##### Stored data #####

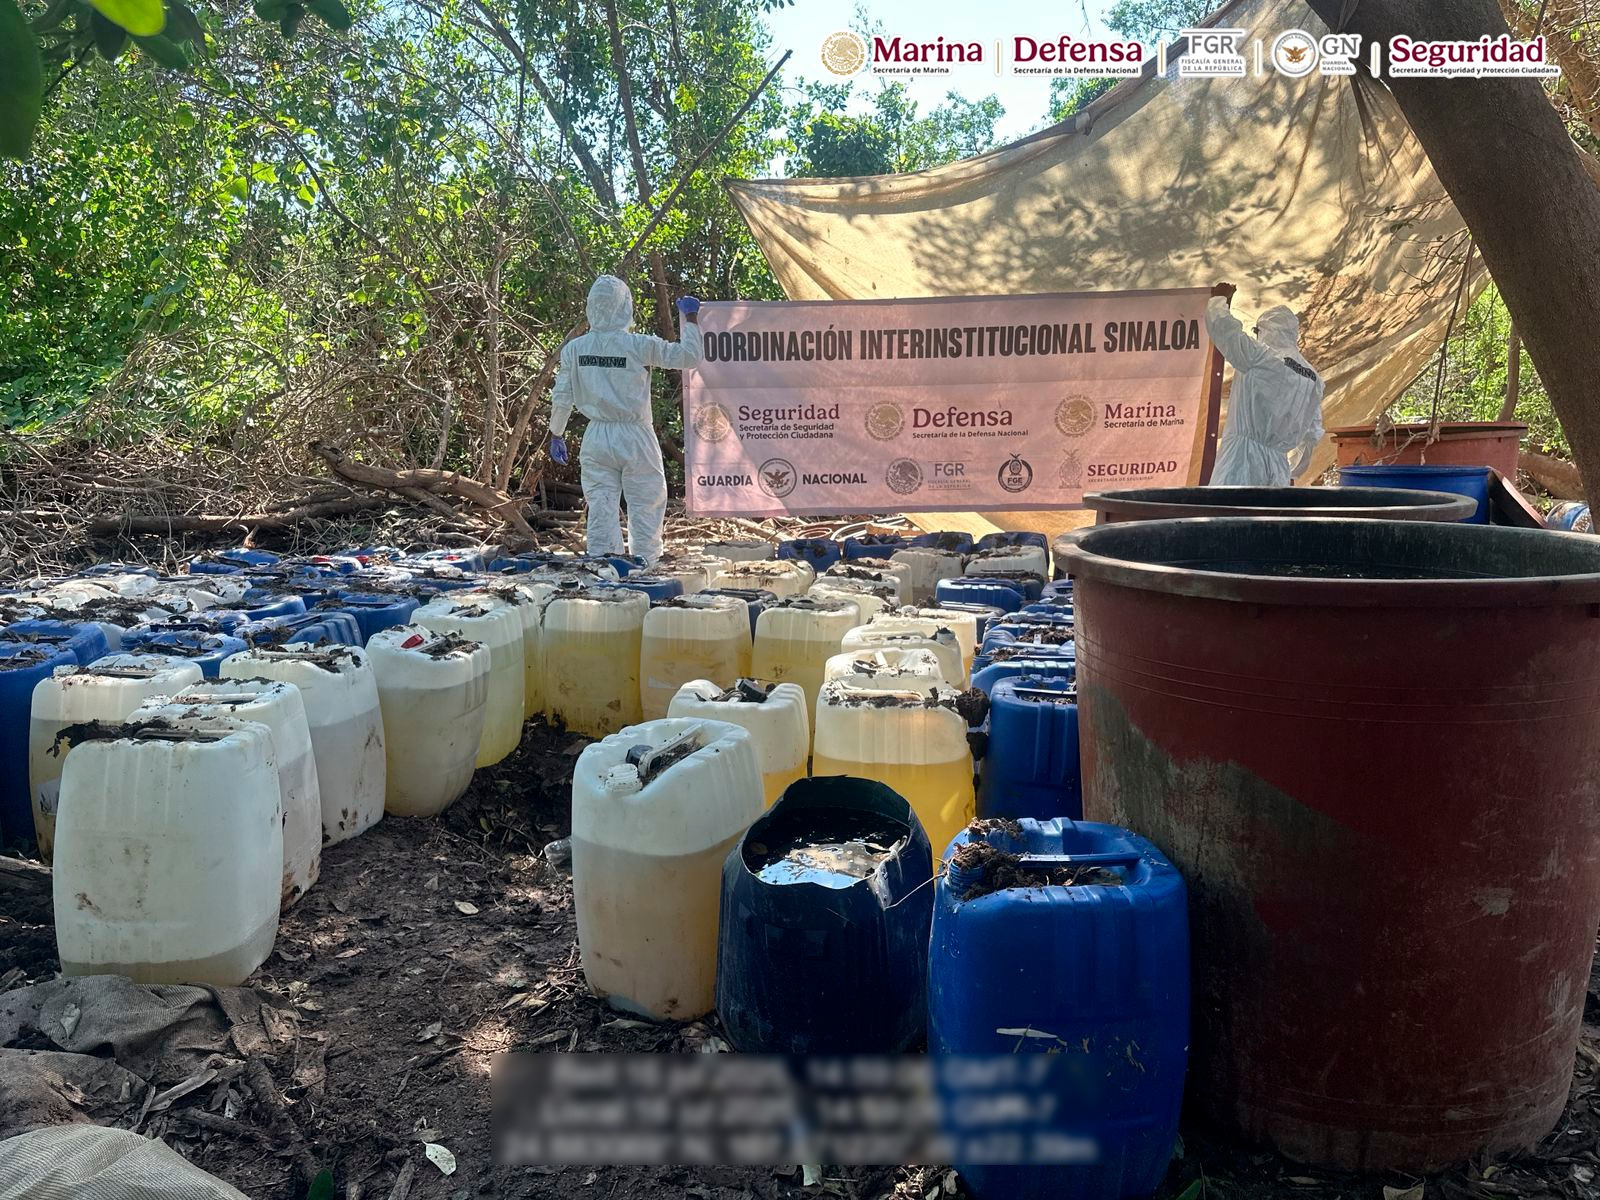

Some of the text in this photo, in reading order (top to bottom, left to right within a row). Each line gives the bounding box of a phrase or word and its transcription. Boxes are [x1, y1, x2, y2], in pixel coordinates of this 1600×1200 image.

[703, 319, 1200, 362] OORDINACIÓN INTERINSTITUCIONAL SINALOA
[738, 403, 840, 425] Seguridad
[912, 406, 1013, 428] Defensa
[1104, 401, 1176, 420] Marina
[739, 423, 834, 432] Secretaría de Seguridad
[1104, 418, 1185, 429] Secretaría de Marina
[746, 431, 789, 440] Protección
[790, 431, 834, 439] Ciudadana
[912, 431, 948, 439] Secretaría
[967, 430, 996, 438] Defensa
[997, 429, 1029, 437] Nacional
[934, 463, 965, 477] FGR
[1087, 460, 1178, 477] SEGURIDAD
[697, 473, 868, 487] GUARDIA NACIONAL
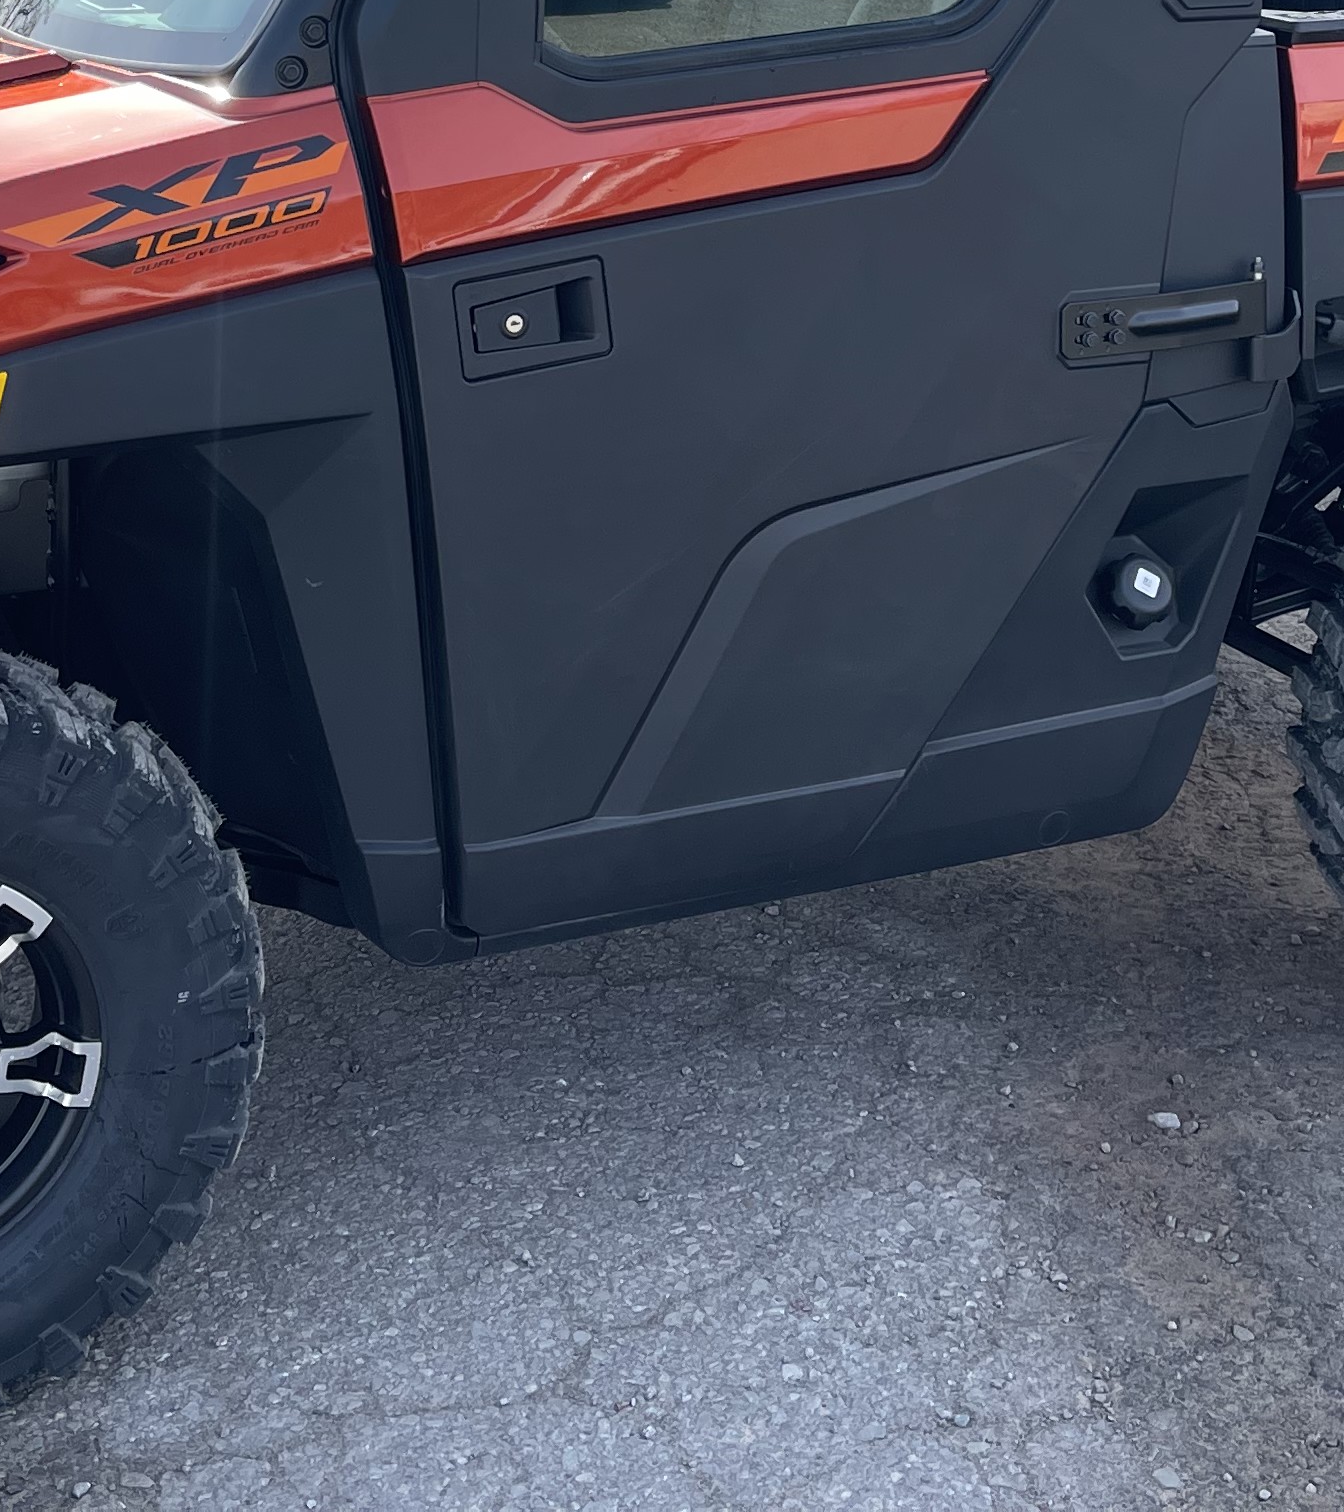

#####

Before you finish, make sure every line above has been repeated exactly and no picture remains in the copy.

Some of the text in this photo, in reading order (top to bottom, left to right within a row). Each line gives the bounding box of a phrase or word and its transcription. Boxes are [x1, y1, x2, y2], in pixel coordinates of this 1600×1200 image.

[703, 319, 1200, 362] OORDINACIÓN INTERINSTITUCIONAL SINALOA
[738, 403, 840, 425] Seguridad
[912, 406, 1013, 428] Defensa
[1104, 401, 1176, 420] Marina
[739, 423, 834, 432] Secretaría de Seguridad
[1104, 418, 1185, 429] Secretaría de Marina
[746, 431, 789, 440] Protección
[790, 431, 834, 439] Ciudadana
[912, 431, 948, 439] Secretaría
[967, 430, 996, 438] Defensa
[997, 429, 1029, 437] Nacional
[934, 463, 965, 477] FGR
[1087, 460, 1178, 477] SEGURIDAD
[697, 473, 868, 487] GUARDIA NACIONAL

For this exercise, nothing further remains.